โ Tive a visรฃo hoje de madrugada. Nรฃo foi clara. Sรณ senti que precisava vir โ murmurei, as mรฃos inquietas, brincando com minhas unhas. Evitei olhar nos olhos de Pogo. Nรฃo queria dar muitos detalhes. Algo na forma como ele reagia... o medo que transparecia... me incomodava.
โ Entendoโฆ โ ele balbuciou, pousando gentilmente a mรฃo em minhas costas, guiando-me pelo corredor. โ O que vocรช viu?
โ Ah, Pogo... nรฃo foi nada demais. Acho que vi os รบltimos minutos dele. Mas nem sei se era sobre ele. Minhas visรตes nem sempre fazem sentido. รs vezes, sรฃo sรณ... fragmentos โ minha voz acelerava, um reflexo do nervosismo. โ Vocรช sabe como elas eram antes de eu ir embora. Sempre confusas. โ Forรงei um sorriso, tentando quebrar o clima pesado.
โ O seu pai todo enfaixado, hm? โ Ele sorriu levemente, me lembrando de umas delas, como se achasse graรงa ou tentasse mascarar algo. โ Sim, um tanto malucas. Mas, de toda forma, acho que vocรช deveria saber... ele faleceu esta madrugada, de uma parada cardรญaca โ disse Pogo, com a calma de quem escolhe as palavras com cuidado, como se falasse para uma filha que deveria sentir falta do pai. โ Sinto muito, Celeste. Sei que, apesar de tudo, ele era importante para vocรช, mesmo que vocรช nรฃo queira admitir.
Ele estava certo, de certa forma. Se nรฃo fosse, por que teria aceitado aquele emprego terrรญvel? Era tรฃo รณbvia assim a minha busca por aprovaรงรฃo paterna?
Pogo retirou a mรฃo das minhas costas e saiu, desaparecendo em algum canto da imensa casa.
Respirei fundo. A notรญcia me atingia lentamente, e minha visรฃo comeรงou a turvar. Sequei as lรกgrimas que escorriam sem aviso, tentando recuperar o controle. Meu coraรงรฃo apertava. Agora ele se foi. Serรก que eu deveria ter feito algo diferente? Falar algo antes? Ter sido menos dura, menos rebelde?
Minhas reflexรตes foram interrompidas quando ouvi passos atrรกs de mim. Grace se aproximava, com seu habitual sorriso grande e caloroso, mas sem me reconhecer de imediato.
โ Olรก! Gostaria de um cafรฉ da manhรฃ? Vocรช deve estar faminta! โ disse ela, como se eu fosse uma visitante qualquer. Meu peito se apertou com aquela indiferenรงa dolorosa.
Mas entรฃo, algo mudou em sua expressรฃo. Grace finalmente me reconheceu. Pela primeira vez, vi uma emoรงรฃo real em seu rosto. Como se a saudade a atingisse naquele instante. Seus olhos piscaram vรกrias vezes, e seu sorriso se tornou ainda mais amplo, mais genuรญno.

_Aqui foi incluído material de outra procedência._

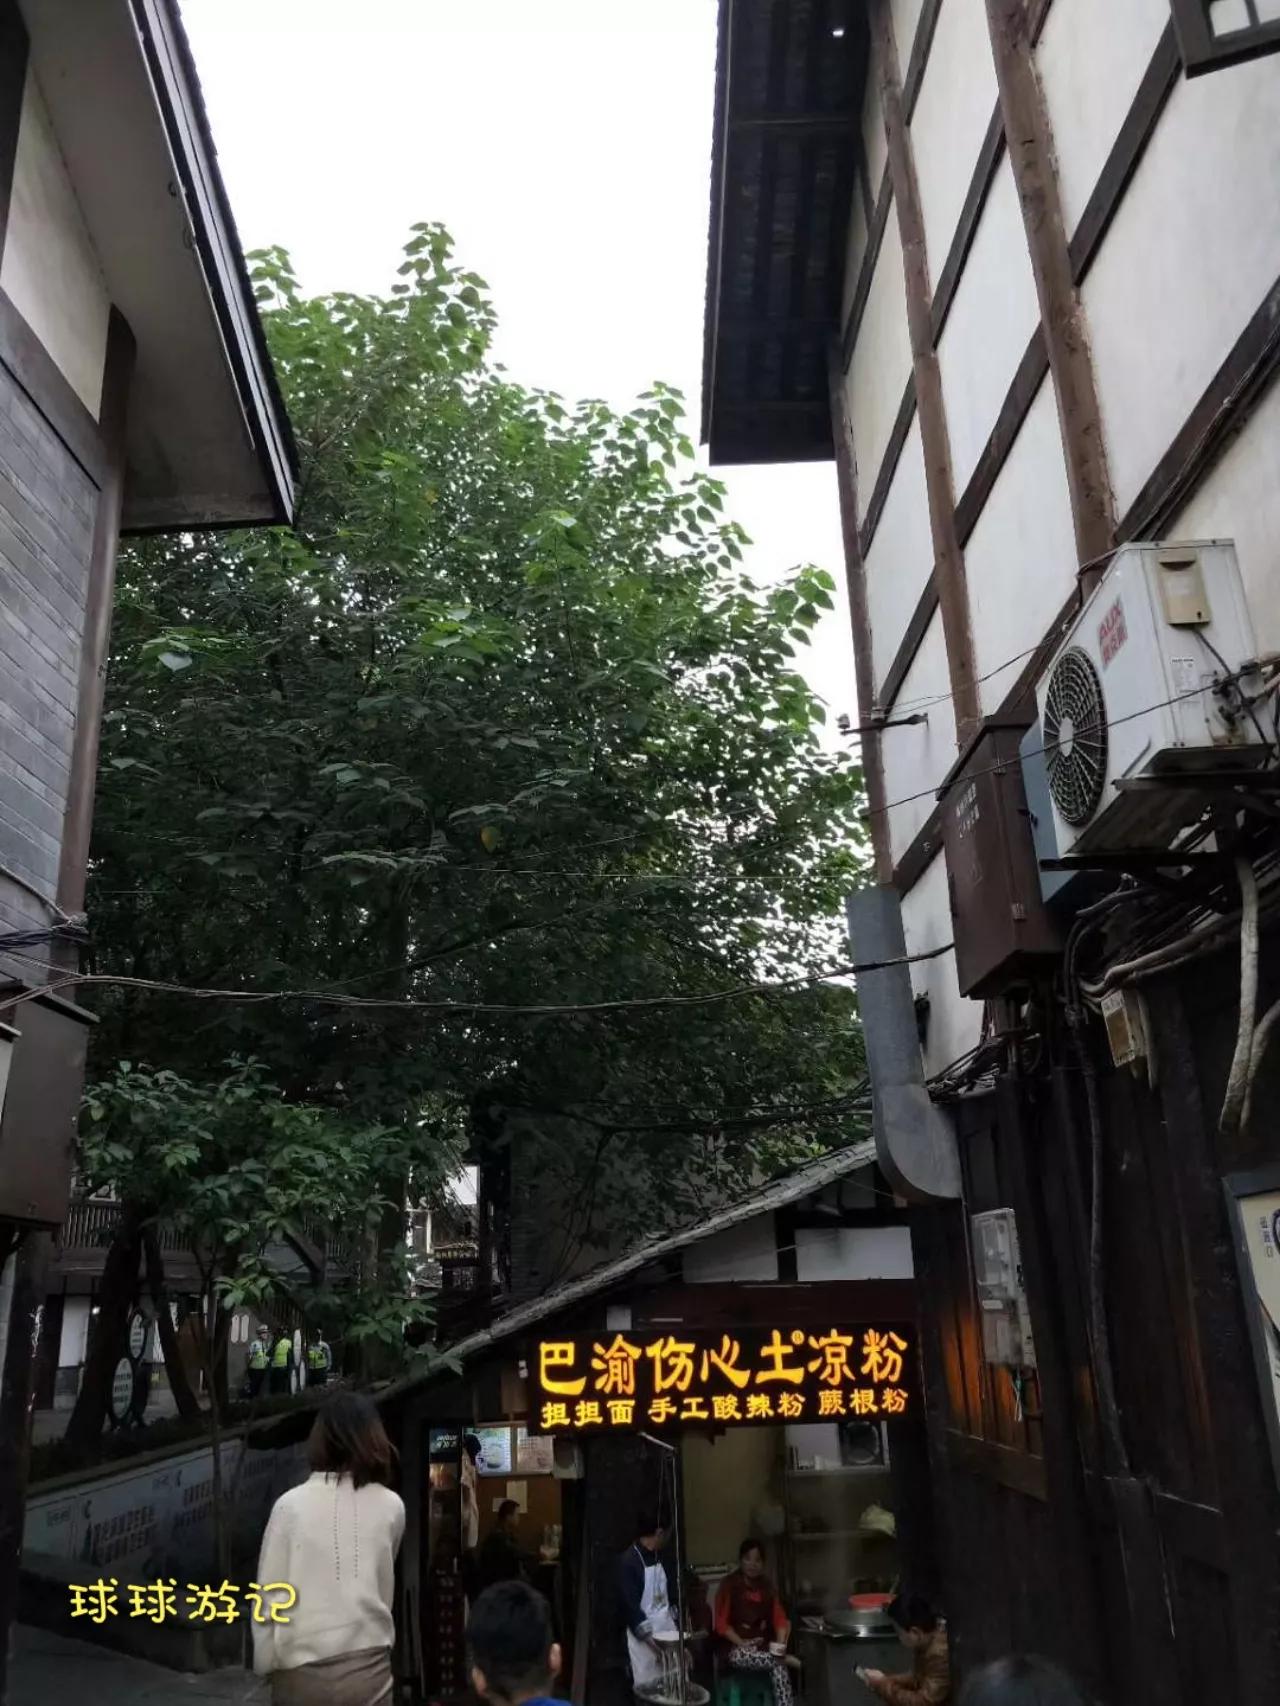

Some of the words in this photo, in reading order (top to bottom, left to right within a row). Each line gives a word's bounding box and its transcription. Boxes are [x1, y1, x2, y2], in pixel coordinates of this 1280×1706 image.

โ Celeste! Onde vocรช esteve todo esse tempo? Nรฃo trouxe um guarda-chuva? O tempo estรก terrรญvel hoje! Seu casaco estรก todo molhado. Por que nรฃo sobe e troca de roupa? Vou preparar o cafรฉ da manhรฃ para vocรช daqui a pouco โ disse ela, voltando a seu jeito habitual, como se eu nunca tivesse ido embora. Como se os anos de ausรชncia fossem reduzidos a meras horas. E, surpreendentemente, aquilo me confortou. Talvez, afinal, ainda houvesse pessoas naquela casa que se importavam comigo.
Concordei com a cabeรงa e subi as escadas, uma apรณs a outra, atรฉ chegar ao terraรงo. Lรก, encontrei o velho banco de madeira onde eu costumava me sentar para ver o nascer do sol. A brisa suave tocava meu rosto, enquanto o sol, recรฉm-nascido, banhava o cรฉu com sua luz dourada. Fechei os olhos devagar, deixando que o calor me envolvesse, como se cada nova manhรฃ trouxesse uma promessa de esperanรงa.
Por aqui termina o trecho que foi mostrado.